The video to be processed may comprise N frames of images; n is greater than or equal to 2.

Further, the acquired video to be processed may be a second image and a first image which are sequentially output by the monitoring device in time sequence within a preset time period, wherein the second image is output earlier than the first image.

Step 202, for the first image, if the first image is a detection frame image, detecting the type of each identification object and the detection image information corresponding to each identification object in the first image.

Each image information corresponds to one frame of image, and the first object to be identified is any object to be identified contained in any frame of image.

Specifically, an image of a video to be processed is marked in advance, an image which needs to be detected in the video to be processed is marked as a detection frame image, and an image which needs to be predicted is marked as a prediction frame image. Illustratively, 10 frames of pictures are set in a segment of video stream, the first frame of picture and the fifth frame of picture are marked as detection frame pictures, the second frame of picture to the fourth frame of picture are marked as prediction frame pictures, and the sixth frame to the tenth frame of picture are marked as prediction frame pictures.

The method comprises the steps of dividing an image in a video stream acquired by monitoring equipment into a detection frame image and a non-detection frame image, judging whether the first image is the detection frame image or not when the first image is acquired, if so, detecting an object to be identified in the first image, otherwise, predicting the object to be identified in the first image by using the object to be identified in the second image, so that each frame of image to be identified does not need to be detected and identified, the calculation amount for determining the object to be identified in the image is reduced, and the efficiency is improved.

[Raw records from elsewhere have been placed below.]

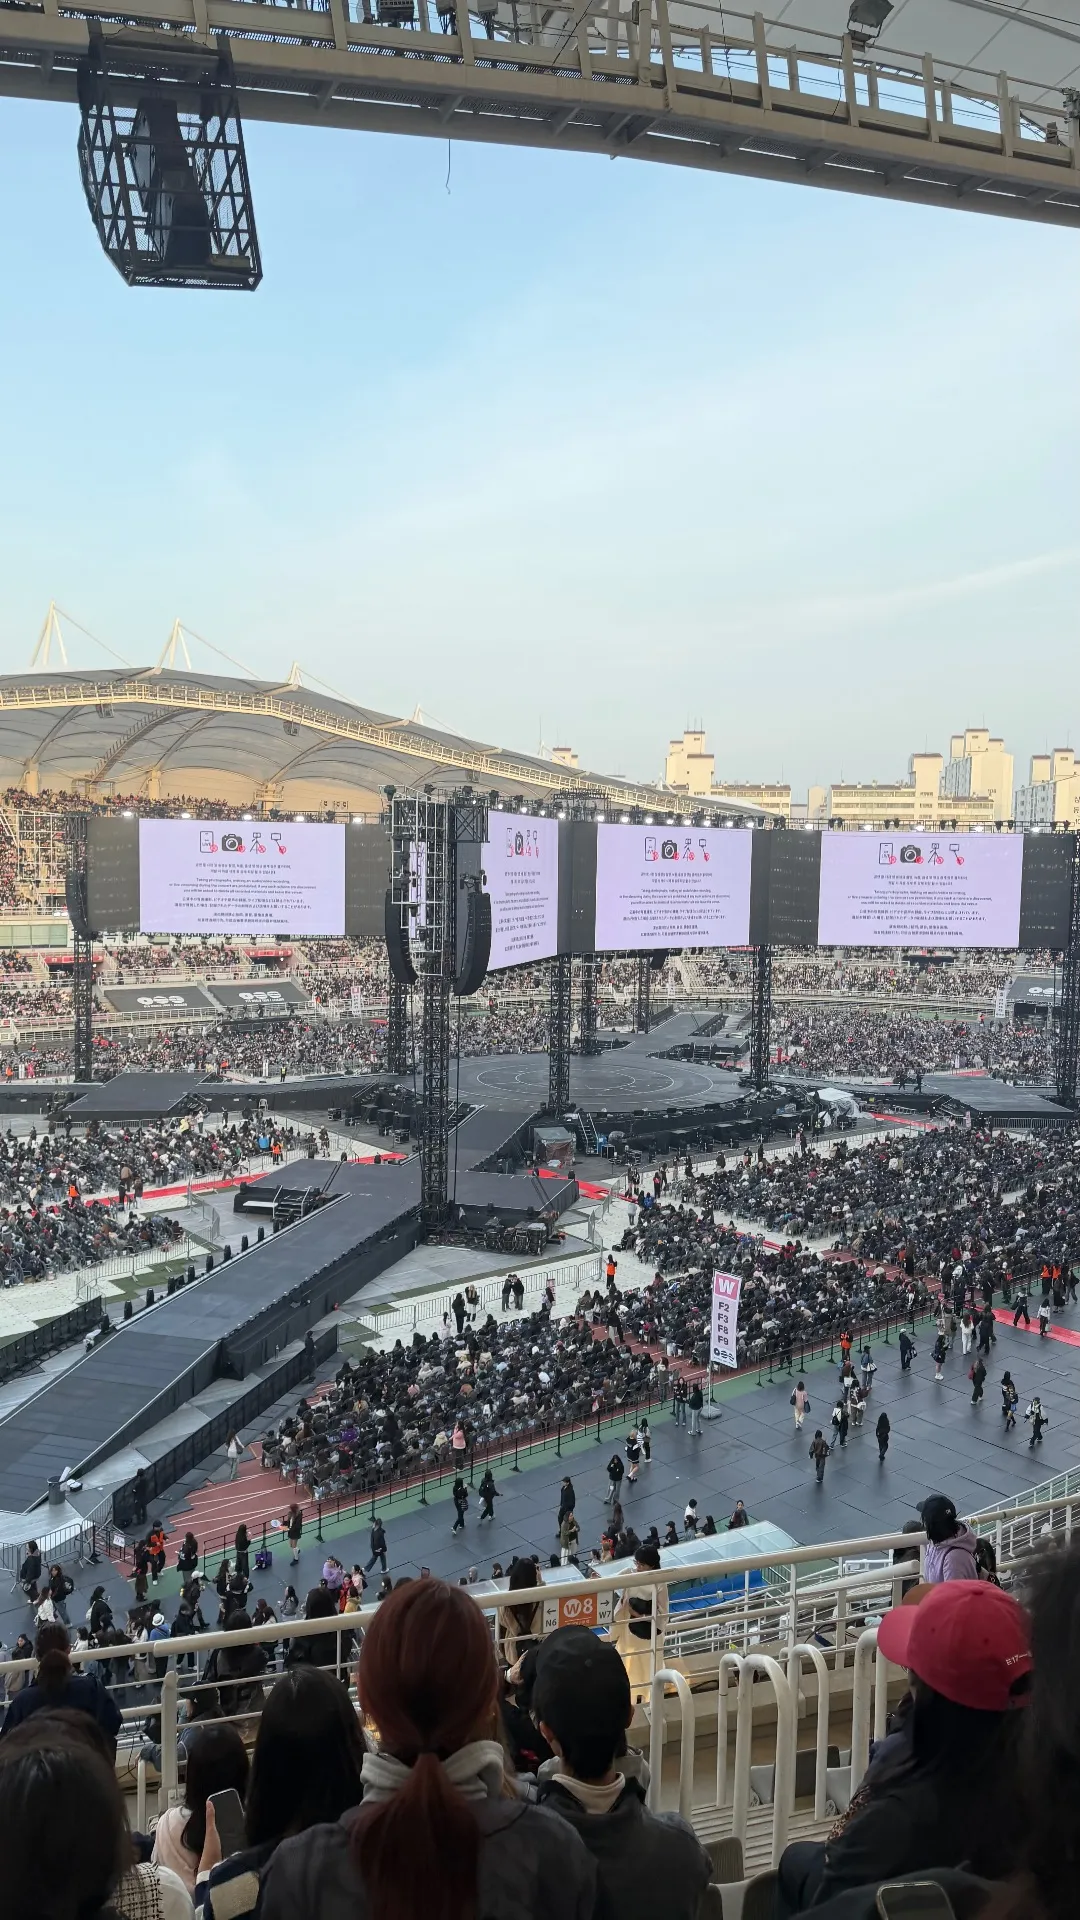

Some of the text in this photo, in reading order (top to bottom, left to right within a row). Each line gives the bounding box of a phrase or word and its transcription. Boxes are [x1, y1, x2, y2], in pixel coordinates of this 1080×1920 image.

[718, 1277, 736, 1295] W
[718, 1301, 730, 1313] F2
[717, 1312, 729, 1324] F3
[717, 1323, 729, 1335] F8
[717, 1335, 729, 1346] F9
[599, 1610, 612, 1619] W7
[545, 1618, 557, 1627] N6

Further, if the first image is a detection frame image, the first image may be input to a classifier model, and the type of each recognition object in the first image and the detection image information corresponding to each recognition object may be determined. The types of the classifier used for distinguishing include motor vehicles, non-motor vehicles and pedestrians. That is, the types of the respective recognition objects include a motor vehicle, a non-motor vehicle, and a pedestrian, and further, the detection image information corresponding to the respective recognition objects includes detection image information corresponding to the motor vehicle, detection image information corresponding to the non-motor vehicle, and detection image information corresponding to the pedestrian.

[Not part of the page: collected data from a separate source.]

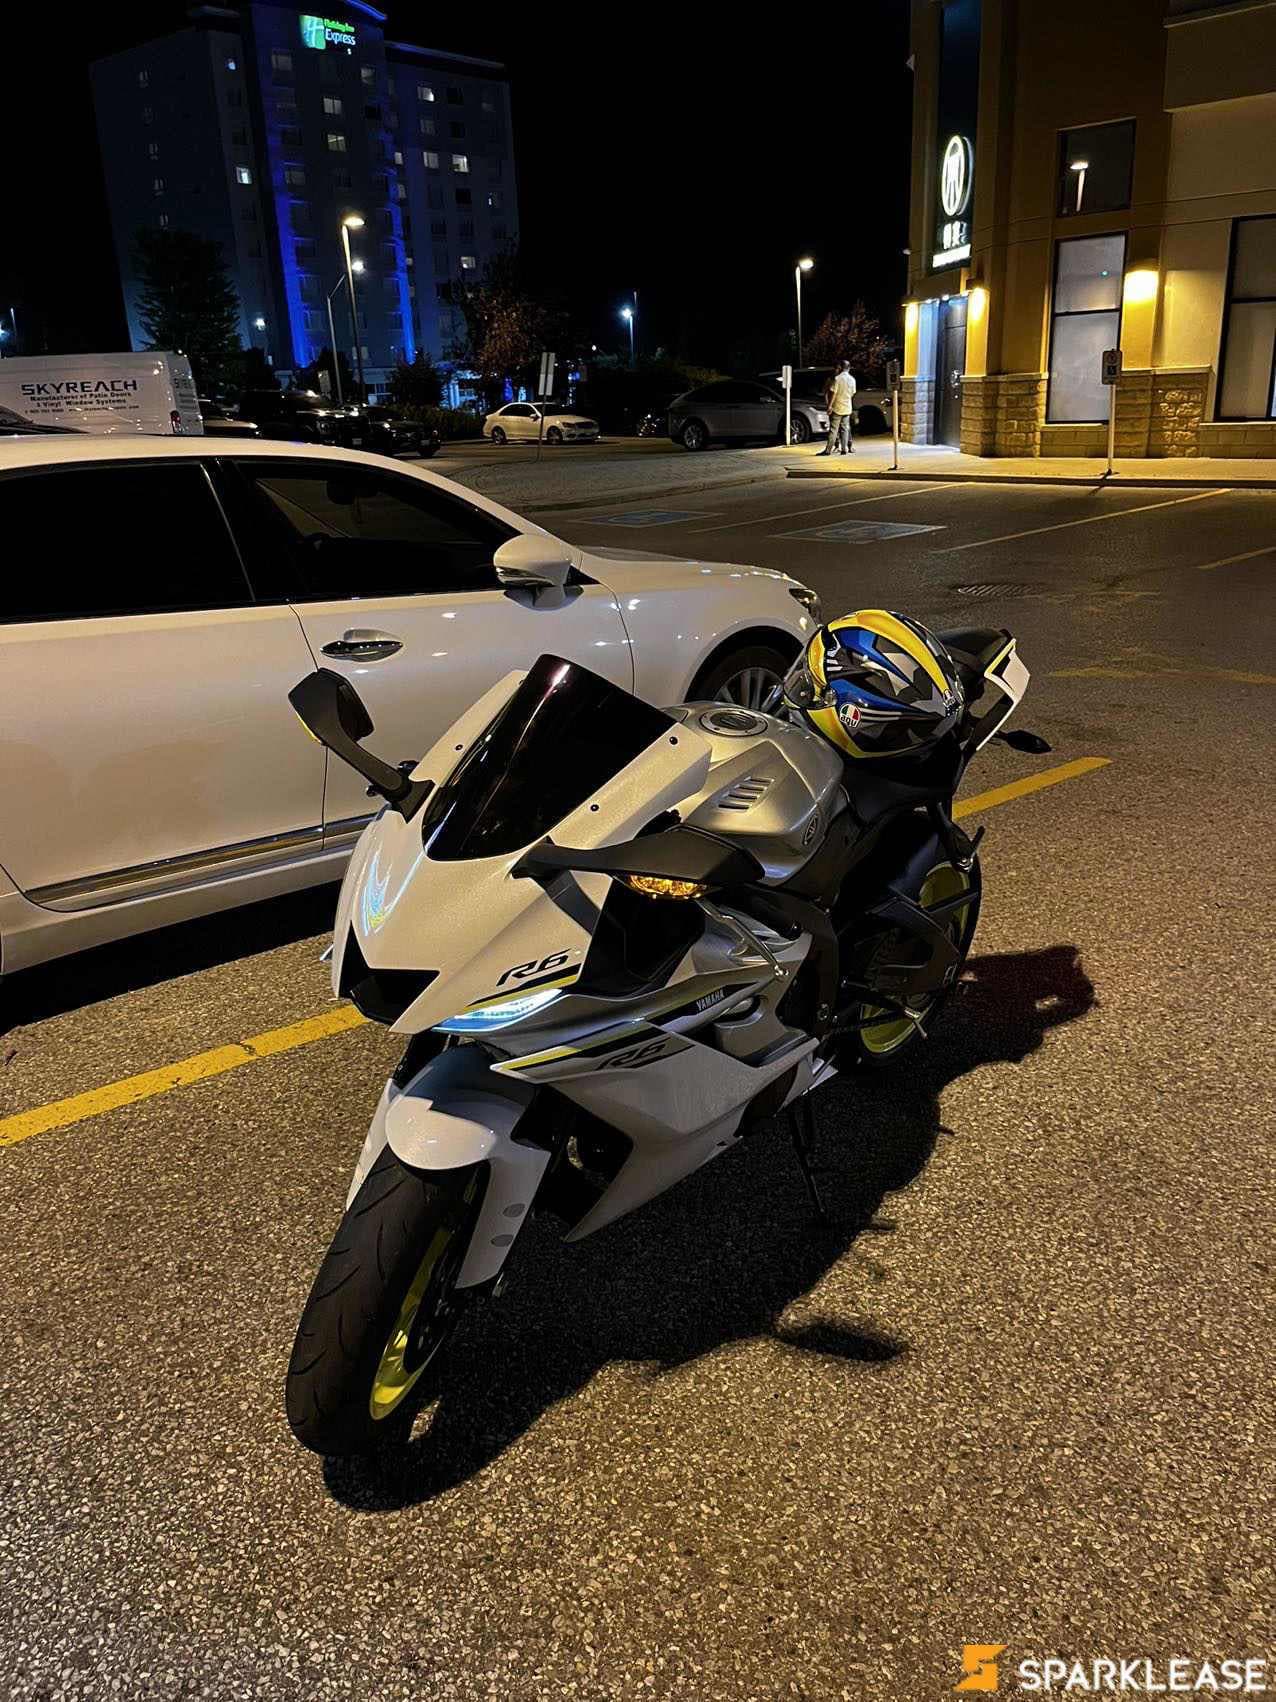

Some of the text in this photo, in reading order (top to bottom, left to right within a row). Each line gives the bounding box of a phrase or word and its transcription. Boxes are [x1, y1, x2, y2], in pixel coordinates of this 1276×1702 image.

[325, 28, 356, 45] Express
[21, 380, 136, 394] SKYREACH
[496, 948, 571, 986] R6
[696, 988, 725, 1011] YAMAHA
[595, 1036, 671, 1070] R6

Specifically, the type of each recognition object in the first image may be detected, and detection image information corresponding to each recognition object in the first image may be determined.

Further, the object detection may be performed on the first image, the detection image region corresponding to each recognition object in the first image is determined, and then the detection image region corresponding to each recognition object is input into the classifier model, so as to determine the type corresponding to each recognition object. The image area may be an image frame having a regular shape or an image frame not having a regular shape.

Optionally, for any recognition object, a key point of the object is detected in an image region of the recognition object. And adjusting the image area of the recognition object in the first image according to the key point.

Specifically, the key points of the object are key points for identifying the object, for example, the key points of the motor vehicle may include a license plate, a window, wheels, and the like, and the key points of the pedestrian may include a head, four limbs, an upper body, a lower body, and the like.

Since the key points of the object to be recognized are detected and then the image area is adjusted based on the key points, the image area is more accurate.

In step 203, if the first image is a predicted frame image, predicted image information corresponding to each recognition target in the first image is predicted from image information corresponding to each recognition target in the second image.

The first image is any one of N frames of images, the second image is an image which is adjacent to the first image and is collected by the monitoring equipment, and the image information corresponding to the identification object is determined or predicted. Specifically, the second image may be a detection frame image or a non-detection frame image.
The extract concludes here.